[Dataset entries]
------------------------------------------------------------------------

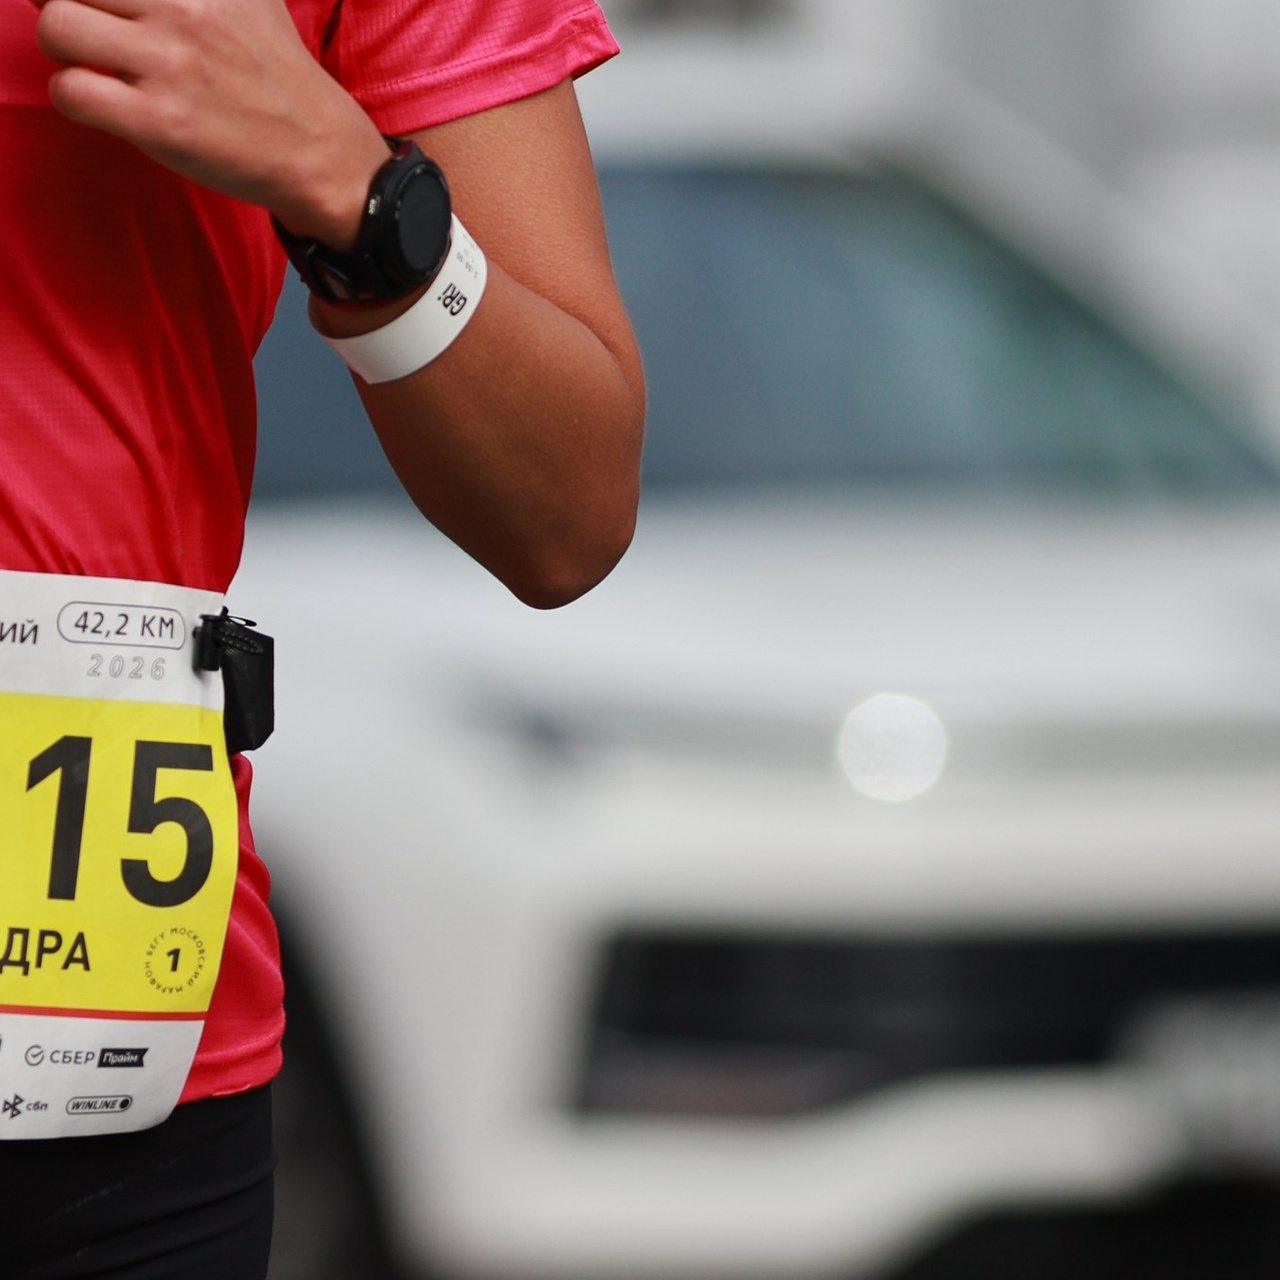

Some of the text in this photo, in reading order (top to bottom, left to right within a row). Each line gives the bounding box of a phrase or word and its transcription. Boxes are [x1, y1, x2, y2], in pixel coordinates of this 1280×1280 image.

[74, 611, 174, 639] 42,2 КМ
[87, 654, 166, 680] 2026
[166, 947, 181, 972] 1
[49, 1050, 139, 1065] СБЕР Прайм
[26, 1100, 48, 1112] сбп
[71, 1099, 119, 1111] WINLINE
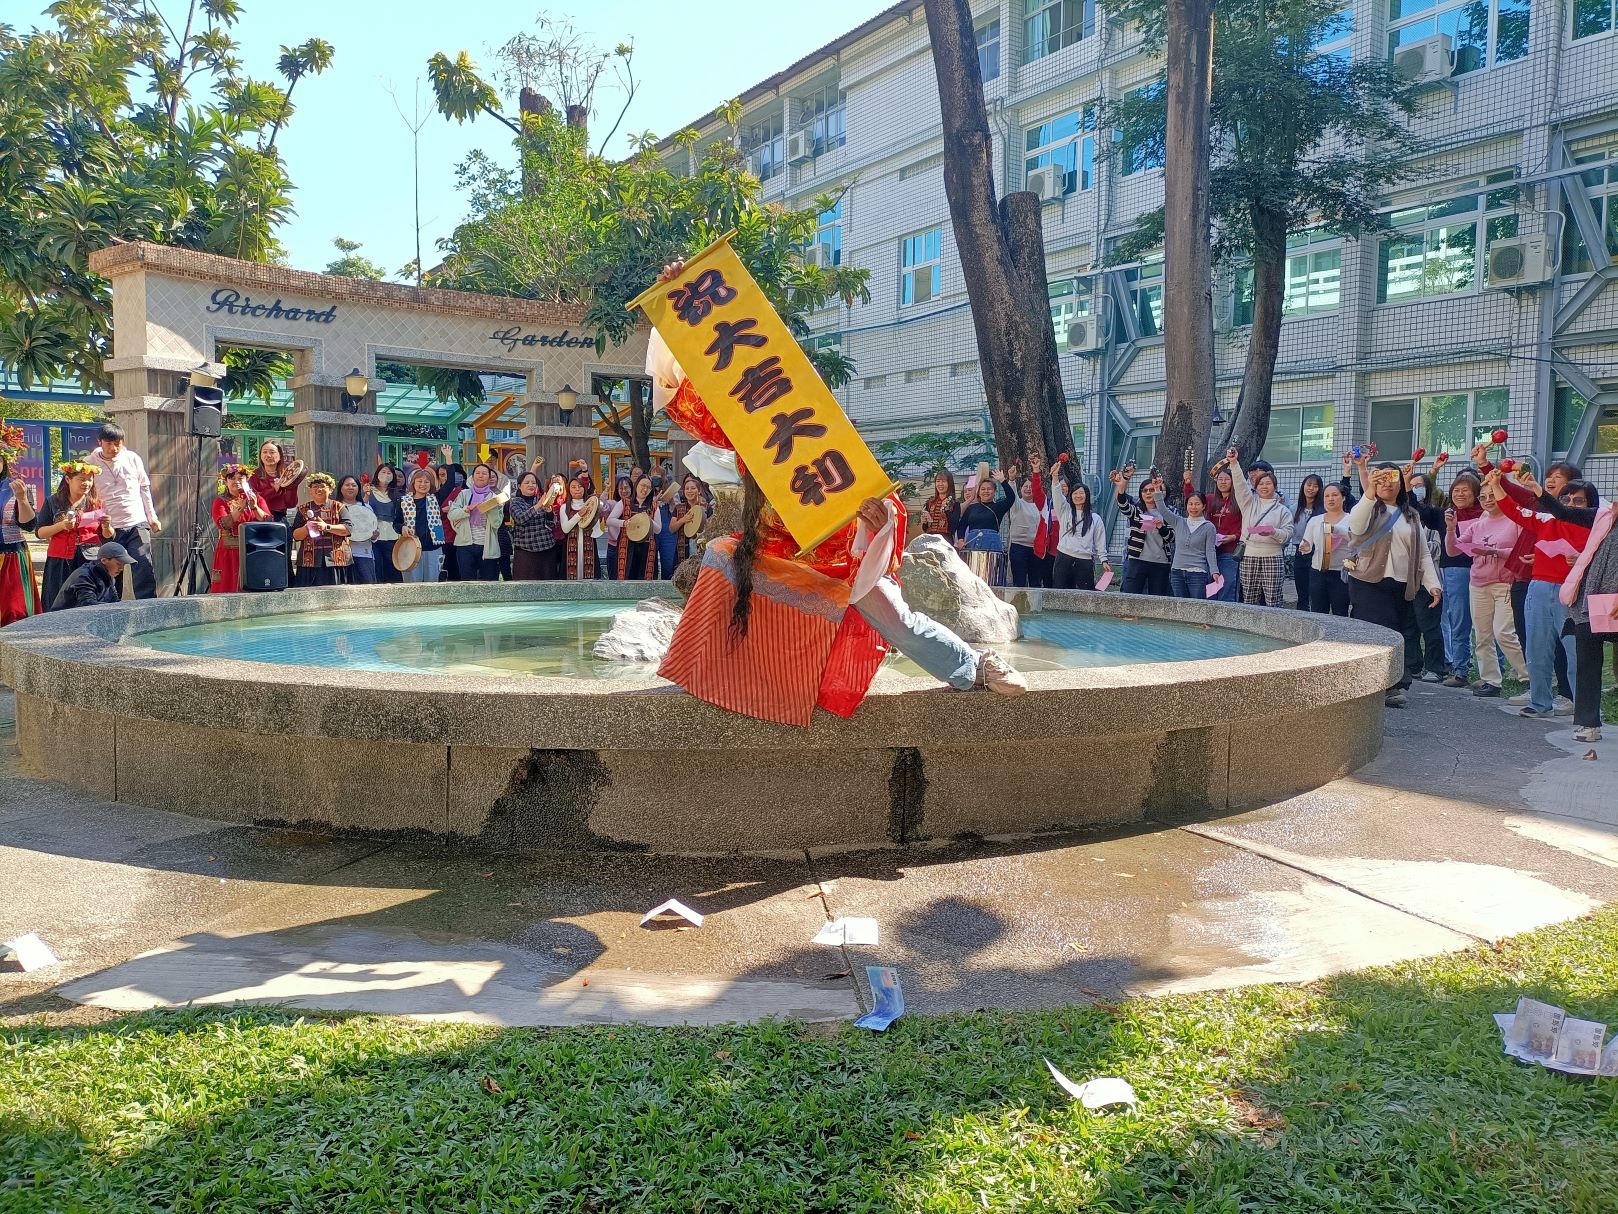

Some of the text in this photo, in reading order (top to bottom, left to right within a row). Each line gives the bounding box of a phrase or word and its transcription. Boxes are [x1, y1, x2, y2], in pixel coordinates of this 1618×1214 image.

[206, 288, 596, 352] Richard Garden
[667, 268, 857, 507] 祝大吉大利

------------------------------------------------------------------------

**What you are asked to do**
Would you return, unchanged, the lines from the one containing "this 1618×1214 image." through the end of the entries?

**Exercise answer**
Some of the text in this photo, in reading order (top to bottom, left to right within a row). Each line gives the bounding box of a phrase or word and its transcription. Boxes are [x1, y1, x2, y2], in pixel coordinates of this 1618×1214 image.

[206, 288, 596, 352] Richard Garden
[667, 268, 857, 507] 祝大吉大利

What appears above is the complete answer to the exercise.